In [2]:
import warnings
warnings.filterwarnings('ignore')

import pandas as pd
import numpy as np
import torch
from transformers import GPT2LMHeadModel, PreTrainedTokenizerFast, AdamW
from tqdm import tqdm

In [3]:
import os
os.chdir("Y:\Python\script\Study\Dacon_0201")
os.getcwd()

'Y:\\Python\\script\\Study\\Dacon_0201'

In [4]:
# CUDA 사용 가능 여부 확인
device = torch.device("cuda" if torch.cuda.is_available() else "cpu")
print(f"Using device: {device}")

Using device: cuda


In [5]:
# 데이터 로드
data = pd.read_csv('./data/train.csv')

# 토크나이저 로드
tokenizer = PreTrainedTokenizerFast.from_pretrained('skt/ko-gpt-trinity-1.2B-v0.5', eos_token='</s>')

# 데이터 포맷팅 및 토크나이징
formatted_data = []
for _, row in tqdm(data.iterrows()):
    for q_col in ['질문_1', '질문_2']:
        for a_col in ['답변_1', '답변_2', '답변_3', '답변_4', '답변_5']:
            # 질문과 답변 쌍을 </s> token으로 연결
            input_text = row[q_col] + tokenizer.eos_token + row[a_col]
            input_ids = tokenizer.encode(input_text, return_tensors='pt')
            formatted_data.append(input_ids)
print('Done.')

The tokenizer class you load from this checkpoint is not the same type as the class this function is called from.

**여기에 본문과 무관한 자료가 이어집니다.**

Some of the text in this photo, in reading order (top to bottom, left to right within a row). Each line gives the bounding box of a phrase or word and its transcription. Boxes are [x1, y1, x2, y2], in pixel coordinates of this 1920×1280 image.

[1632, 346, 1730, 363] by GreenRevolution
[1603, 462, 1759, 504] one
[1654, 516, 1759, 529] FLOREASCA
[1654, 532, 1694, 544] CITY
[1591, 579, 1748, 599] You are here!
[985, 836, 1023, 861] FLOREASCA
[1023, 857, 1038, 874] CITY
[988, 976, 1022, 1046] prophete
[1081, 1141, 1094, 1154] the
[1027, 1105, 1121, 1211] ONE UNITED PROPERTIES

It may result in unexpected tokenization. 
The tokenizer class you load from this checkpoint is 'GPT2Tokenizer'. 
The class this function is called from is 'PreTrainedTokenizerFast'.
644it [00:01, 470.24it/s]


Done.


In [6]:
# 모델 로드
model = GPT2LMHeadModel.from_pretrained('skt/ko-gpt-trinity-1.2B-v0.5')
model.to(device) # 모델을 GPU단으로 이동

GPT2LMHeadModel(
  (transformer): GPT2Model(
    (wte): Embedding(51200, 1920)
    (wpe): Embedding(1024, 1920)
    (drop): Dropout(p=0.1, inplace=False)
    (h): ModuleList(
      (0-23): 24 x GPT2Block(
        (ln_1): LayerNorm((1920,), eps=1e-05, elementwise_affine=True)
        (attn): GPT2Attention(
          (c_attn): Conv1D()
          (c_proj): Conv1D()
          (attn_dropout): Dropout(p=0.1, inplace=False)
          (resid_dropout): Dropout(p=0.1, inplace=False)
        )
        (ln_2): LayerNorm((1920,), eps=1e-05, elementwise_affine=True)
        (mlp): GPT2MLP(
          (c_fc): Conv1D()
          (c_proj): Conv1D()
          (act): NewGELUActivation()
          (dropout): Dropout(p=0.1, inplace=False)
        )
      )
    )
    (ln_f): LayerNorm((1920,), eps=1e-05, elementwise_affine=True)
  )
  (lm_head): Linear(in_features=1920, out_features=51200, bias=False)
)

In [7]:
CFG = {
    'LR' : 1e-5, # Learning Rate
    'EPOCHS' : 15, # 학습 Epoch
    'eps' : 5e-06
}

In [8]:
# 모델 학습 설정
optimizer = AdamW(model.parameters(), lr=CFG['LR'], eps = CFG['eps'])
model.train()

GPT2LMHeadModel(
  (transformer): GPT2Model(
    (wte): Embedding(51200, 1920)
    (wpe): Embedding(1024, 1920)
    (drop): Dropout(p=0.1, inplace=False)
    (h): ModuleList(
      (0-23): 24 x GPT2Block(
        (ln_1): LayerNorm((1920,), eps=1e-05, elementwise_affine=True)
        (attn): GPT2Attention(
          (c_attn): Conv1D()
          (c_proj): Conv1D()
          (attn_dropout): Dropout(p=0.1, inplace=False)
          (resid_dropout): Dropout(p=0.1, inplace=False)
        )
        (ln_2): LayerNorm((1920,), eps=1e-05, elementwise_affine=True)
        (mlp): GPT2MLP(
          (c_fc): Conv1D()
          (c_proj): Conv1D()
          (act): NewGELUActivation()
          (dropout): Dropout(p=0.1, inplace=False)
        )
      )
    )
    (ln_f): LayerNorm((1920,), eps=1e-05, elementwise_affine=True)
  )
  (lm_head): Linear(in_features=1920, out_features=51200, bias=False)
)

In [None]:
# 모델 학습
for epoch in range(CFG['EPOCHS']):
    total_loss = 0
    progress_bar = tqdm(enumerate(formatted_data), total=len(formatted_data))
    for batch_idx, batch in progress_bar:
        batch = batch.to(device)
        outputs = model(batch, labels=batch)
        loss = outputs.loss
        loss.backward()
        optimizer.step()
        optimizer.zero_grad()

        total_loss += loss.item()

        progress_bar.set_description(f"Epoch {epoch+1} - Avg Loss: {total_loss / (batch_idx+1):.4f}")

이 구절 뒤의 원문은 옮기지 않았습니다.